Download or read book Positive Pollutions and Cultural Toxins written by John Blair Gamber and published by U of Nebraska Press. This book was released on 2012-10-01 with total page 247 pages. Available in PDF, EPUB and Kindle. Book excerpt: In this innovative study, Positive Pollutions and Cultural Toxins, John Blair Gamber examines urbanity and the results of urban living—traffic, garbage, sewage, waste, and pollution—arguing for a new recognition of all forms of human detritus as part of the natural world and thus for a broadening of our understanding of environmental literature. While much of the discourse surrounding the United States’ idealistic and nostalgic views of itself privileges “clean” living (primarily in rural, small-town, and suburban settings), representations of rurality and urbanity by Chicanas/Chicanos, African Americans, Asian Americans, and Native Americans, on the other hand, complicate such generalization. Gamber widens our understanding of current ecocritical debates by examining texts by such authors as Octavia Butler, Louise Erdrich, Alejandro Morales, Gerald Vizenor, and Karen Tei Yamashita that draw on the physical signs of human corporeality to refigure cities and urbanity as natural.
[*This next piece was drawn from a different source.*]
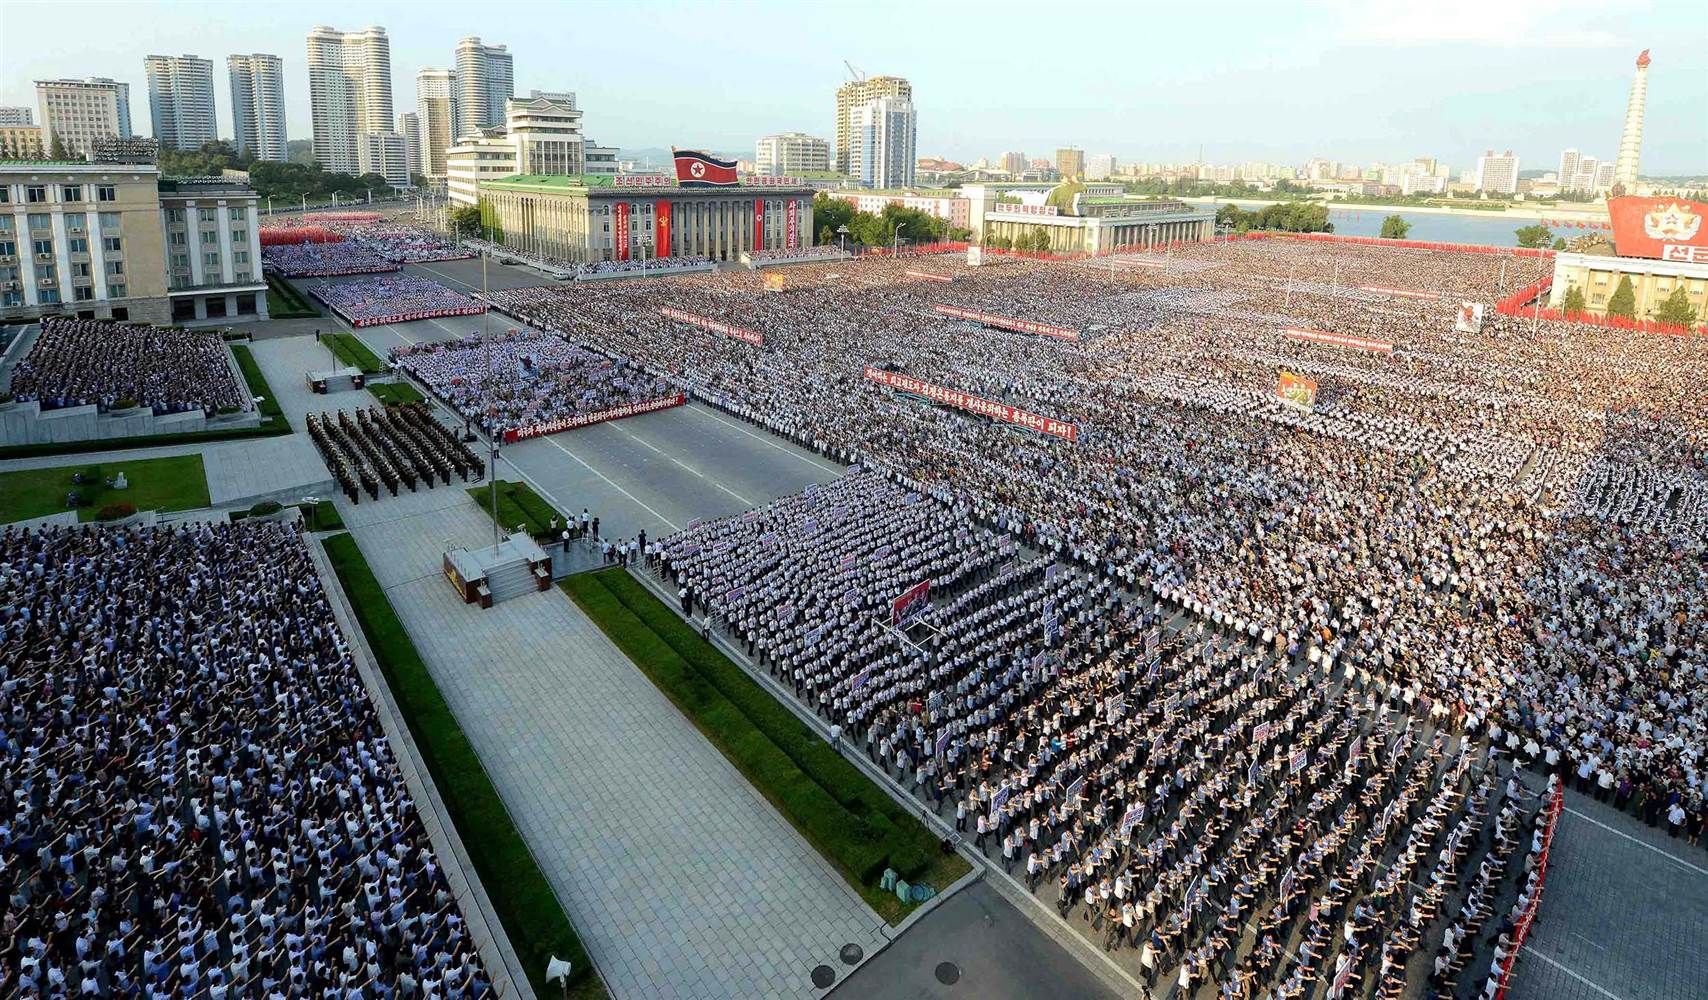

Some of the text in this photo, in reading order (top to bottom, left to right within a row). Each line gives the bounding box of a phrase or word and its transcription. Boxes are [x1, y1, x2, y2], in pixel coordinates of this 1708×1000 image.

[615, 176, 671, 186] 조선민주주의
[1012, 411, 1044, 429] 총폭탄이
[1047, 422, 1071, 438] 되자!
He demonstrates how ethnic American literature reclaims waste objects and waste spaces—likening pollution to miscegenation—as a method to revalue cast-off and marginalized individuals and communities. Positive Pollutions and Cultural Toxins explores the conjunction of, and the frictions between, twentieth-century U.S. postcolonial studies, race studies, urban studies, and ecocriticism, and works to refigure this portrayal of urban spaces.

Book Native Authenticity

    Book Details:
  • Author : Deborah L. Madsen
  • Publisher : State University of New York Press
  • Release : 2012-02-01
  • ISBN : 1438431694
  • Pages : 211 pages

Download or read book Native Authenticity written by Deborah L. Madsen and published by State University of New York Press. This book was released on 2012-02-01 with total page 211 pages. Available in PDF, EPUB and Kindle. Book excerpt: A survey of current critical perspectives on how North American indigenous peoples are viewed and represented transnationally.